Shortly before midnight, an apartment in the area was in danger of burning down from a fire that started from the balcony from unknown causes. Thanks to the timely intervention of the occupants, the fire was extinguished before it spread.
In other earlier incidents, cars sustained extensive damages while one vehicle was overturned and windows were smashed in houses and shops. Police have attributed damages to both Greek Cypriots and Syrians.
Police used teargas to disperse groups in an effort to prevent further attacks, while the anti-riot unit was called in.
Chief of police, Stylianos Papatheodorou and a strong police presence remain in the area while CCTV footage is being examined.
Earlier, on Sunday afternoon the 300 residents from Chlorakas and the surrounding areas, as well as party representatives, held a march regarding the migrant isse in the area and the Ayios Nikolaos (St Nicholas Elegant Residences) complex relocation operation.
The event, which started at 6pm in the afternoon and ended an hour later, saw protestors shouting slogans for the removal from Chlorakas of all “who live illegally in the territory of the Republic,” while the main theme of the organisers was the “de-ghettoisation of Chlorakas”.

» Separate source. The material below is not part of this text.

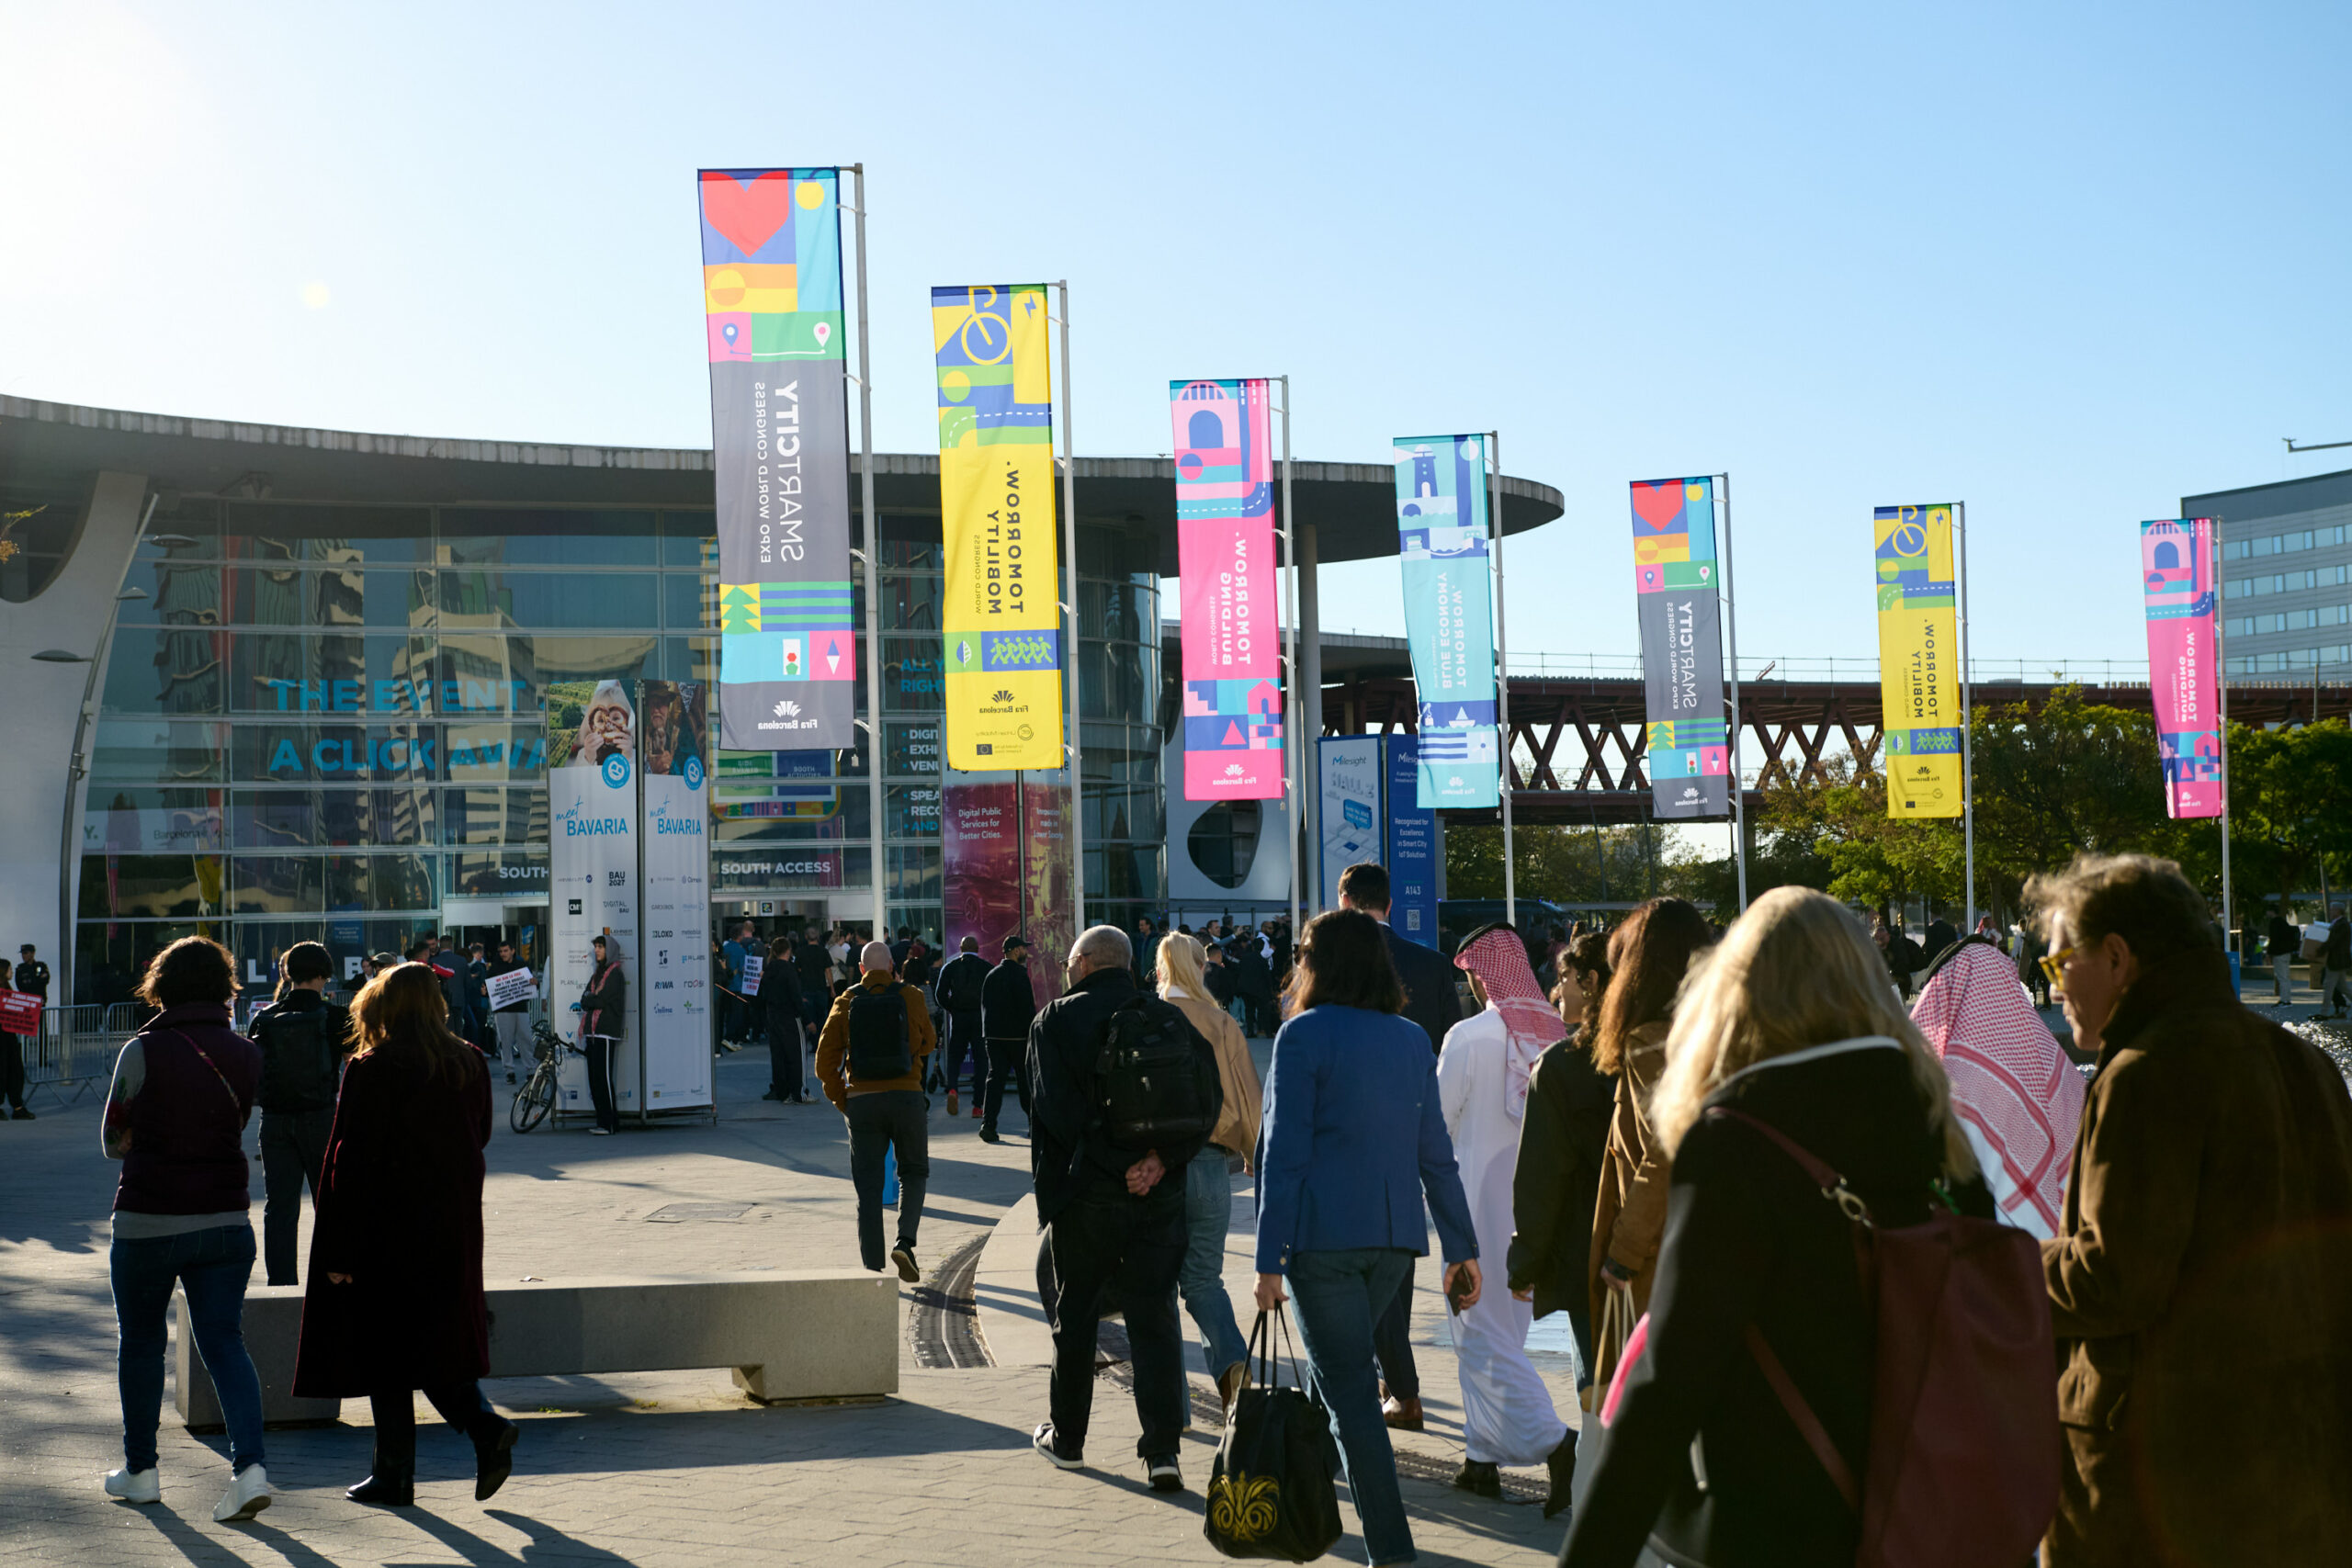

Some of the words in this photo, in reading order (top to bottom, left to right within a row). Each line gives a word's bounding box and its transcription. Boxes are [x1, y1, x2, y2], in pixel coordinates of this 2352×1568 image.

Letymbiotis said that Sunday’s disturbance reconfirms the government belief it is essential to set up a deputy ministry of immigration.
The relevant bill for the ministry was sent to parliament in June.
“Effectively dealing with immigration is one of the government’s priorities. Already, in recent months we are witnessing a reversal, for the first time, of balances, departures are more than arrivals and this is the first time in several years. Already, the number of application examiners has increased, the number of pending applications has decreased, and we will continue in this direction,” he said.